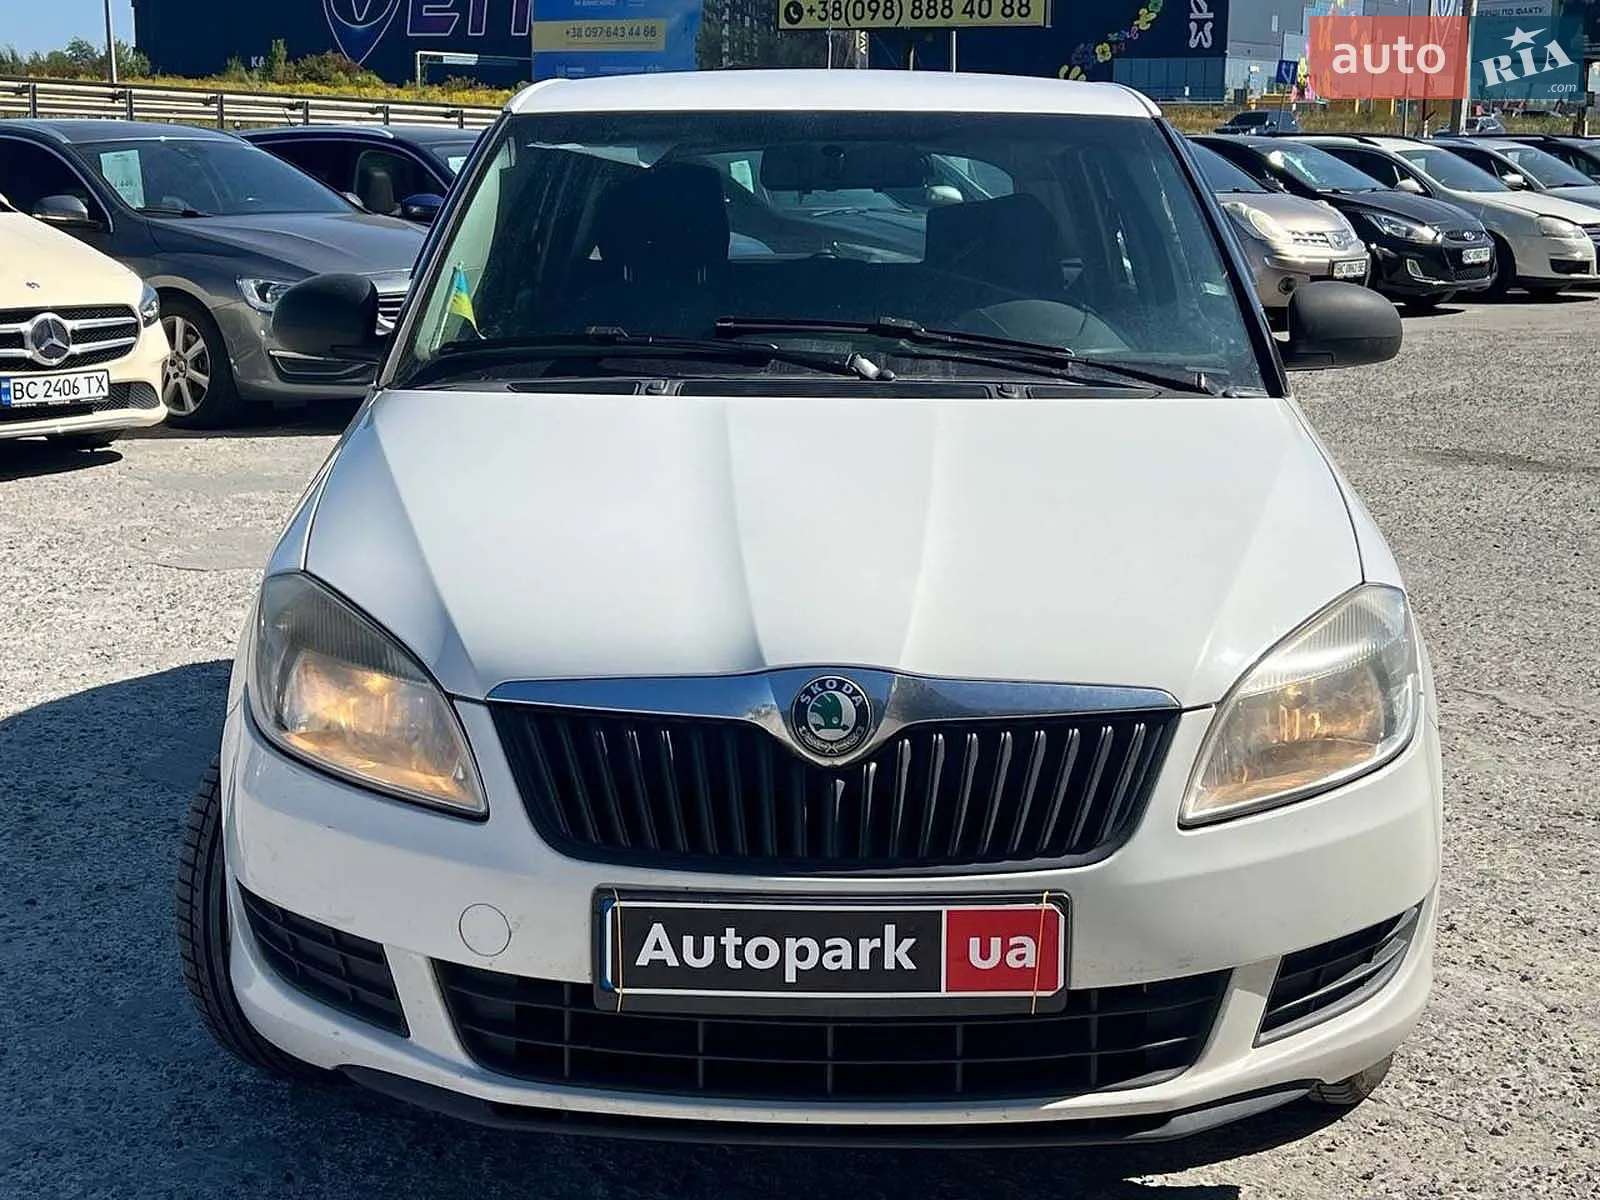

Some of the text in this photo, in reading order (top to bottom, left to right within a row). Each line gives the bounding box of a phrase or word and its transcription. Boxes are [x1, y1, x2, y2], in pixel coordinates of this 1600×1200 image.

[910, 0, 953, 19] 888
[961, 0, 991, 18] 40
[1001, 0, 1031, 18] 88
[13, 374, 105, 400] BC 2406 TX
[800, 680, 863, 707] SKODA
[635, 922, 1037, 983] Autopark ua

········

» TASK DIRECTIONS
An exact reproduction of every record above is required, with no pictures included.

» SOLUTION
Some of the text in this photo, in reading order (top to bottom, left to right within a row). Each line gives the bounding box of a phrase or word and its transcription. Boxes are [x1, y1, x2, y2], in pixel coordinates of this 1600×1200 image.

[910, 0, 953, 19] 888
[961, 0, 991, 18] 40
[1001, 0, 1031, 18] 88
[13, 374, 105, 400] BC 2406 TX
[800, 680, 863, 707] SKODA
[635, 922, 1037, 983] Autopark ua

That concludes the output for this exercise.